City of Visalia hired contractor to survey, improve the City’s 1,200+ acres of ag mostly farmed in nuts
By Nancy Vigran
Reporter for the Sun-Gazette
VISALIA – The City of Visalia is currently accepting proposals for management of its agricultural interests.
Visalia owns more than 1,200 acres mostly planted in walnuts with some pecans and some currently open land. A thousand of those acres are around the City’s wastewater treatment plant. Another 212 acres are on the east side just north of Highway 198 and the flea market area, according to Councilman Greg Collins. The remaining 15 acres in walnuts are also along Highway 198, but toward the west side of city limits.
“It is not unusual for cities to own agricultural land,” Collins said.
At the Dec. 17 City Council meeting, council members voted to enter into contracts with HNH Nut Company and Naked Nut Growers to each market one-half of Visalia’s 2018 pecan crop. This came up due to changes in food safety regulations which those outside processing companies could meet. Coming late in the season, staff felt it was advantageous to split the harvest between the two companies.
Recently, the City has also hired a consulting firm to analyze all of its agricultural land with regard to the variety of nuts grown, the age of the trees, and potential future use of some of the property.
The property to the east has walnut trees more than 40 years old and is planted in varieties of that era.
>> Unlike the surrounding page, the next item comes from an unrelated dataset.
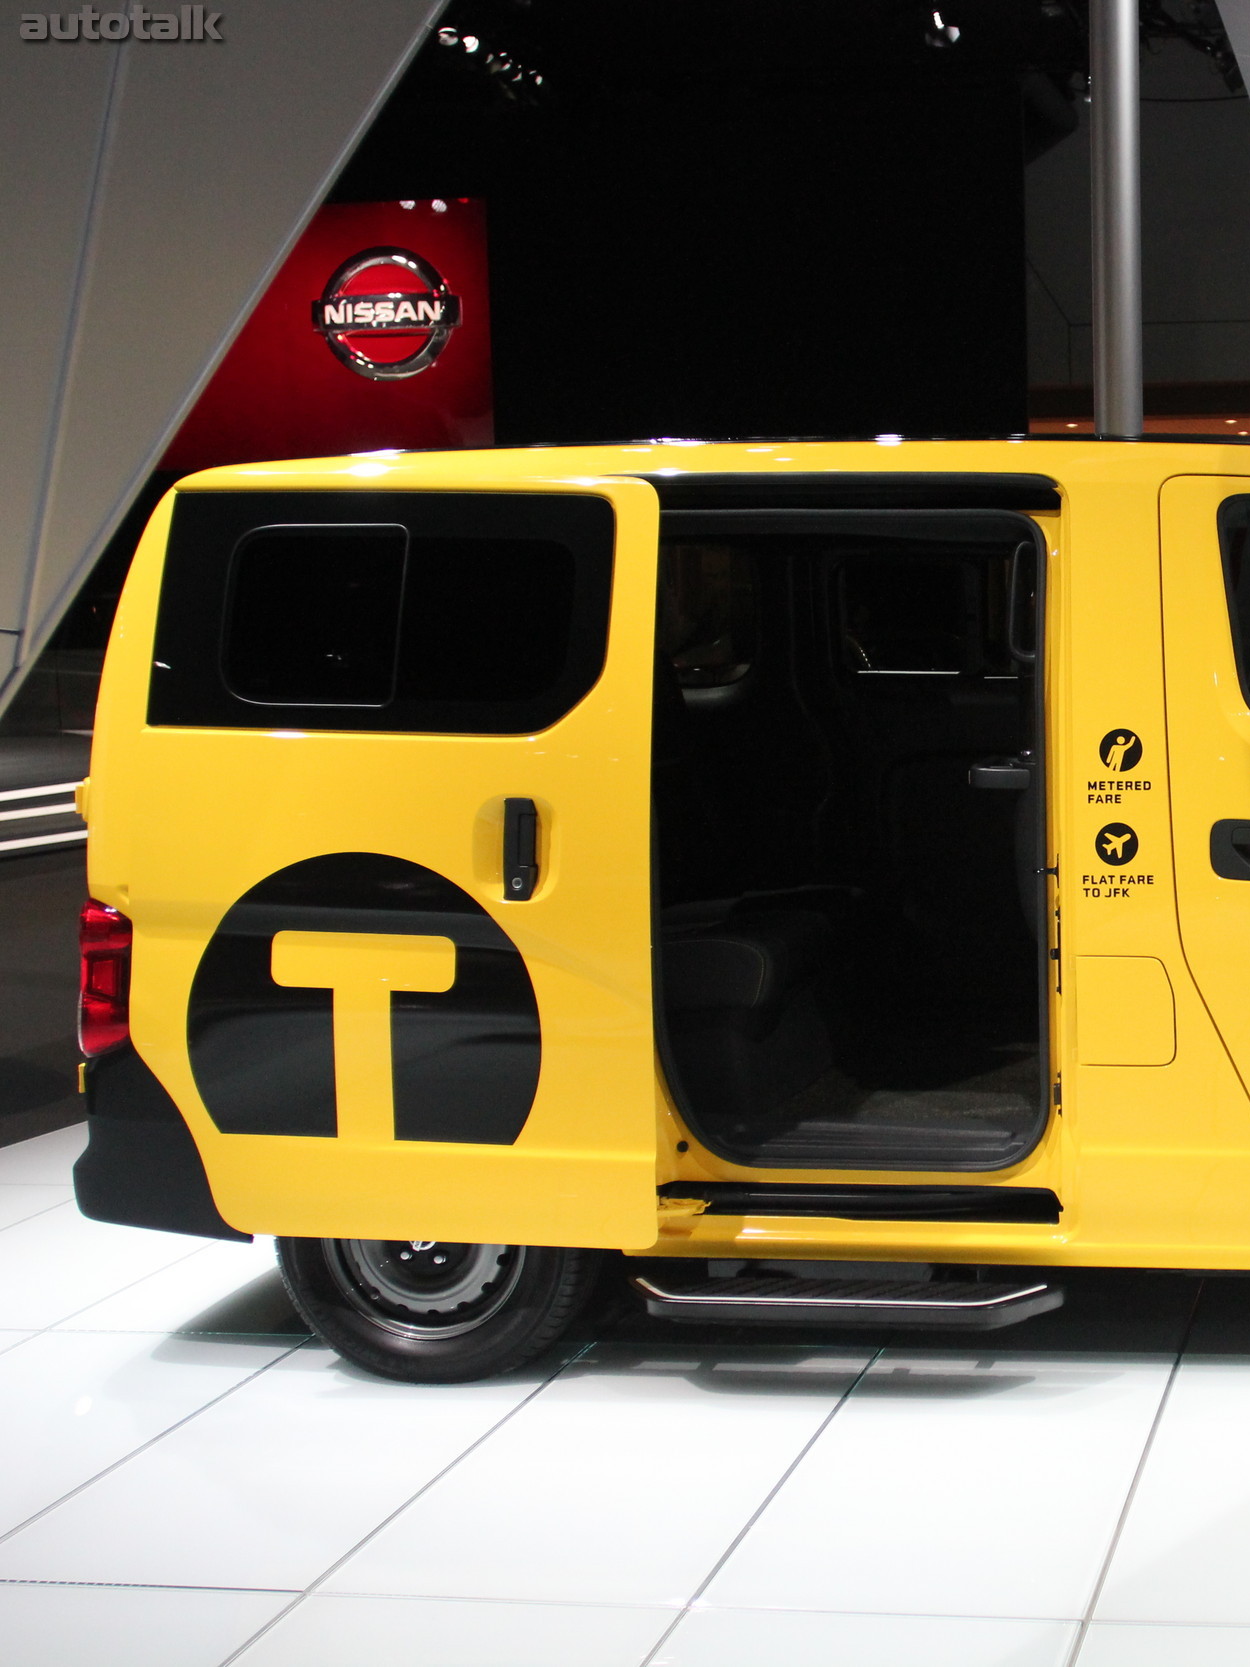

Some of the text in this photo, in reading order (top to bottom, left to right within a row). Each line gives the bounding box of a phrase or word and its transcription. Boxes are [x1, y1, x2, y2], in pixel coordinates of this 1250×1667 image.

The City has questions as to whether it should make any changes to the existing trees for better production and project higher income. However, the long-term use of that property is not solely for growing nuts.
“It has a three-fold application,” Collins said. “[First for] holding it in agriculture, farming it, harvesting it, and selling the nuts.”
Secondly, “some trees will be removed for sink basins during wet years to recharge the ground water,” he said.
And lastly, in the long-term part of the site is also destined for an east side community park. But that may not come about for five years or longer, Collins added.
The first of the sink, or ponding basins is projected for the near future and will require removal of some trees. However, a longer term strategy needs to be in place for the rest of the acreage.
The 1,000-acres surrounding the wastewater treatment plant is to remain planted in nut trees.
The trees form a buffer zone protecting the $145 million plant, Collins said, while also earning money for the City. Here, the City is also able to utilize some treated water from the plant for irrigation purposes, reducing irrigation expense. But, how long the existing trees should remain, or whether some of them should be replaced is another part of what the consulting firm is looking at. The trees located on 15 acres near the highway along Visalia’s west side are also being evaluated.
Blain Farms has had an agreement with and has been farming the City’s trees through 2018, but the City is currently accepting offers and proposals from any interested farming contractors. It is open, Collins said, to full leases of the property, or agreements for farming with split profits to the city.
“We want it properly farmed with as much return as possible for the public,” Collins said.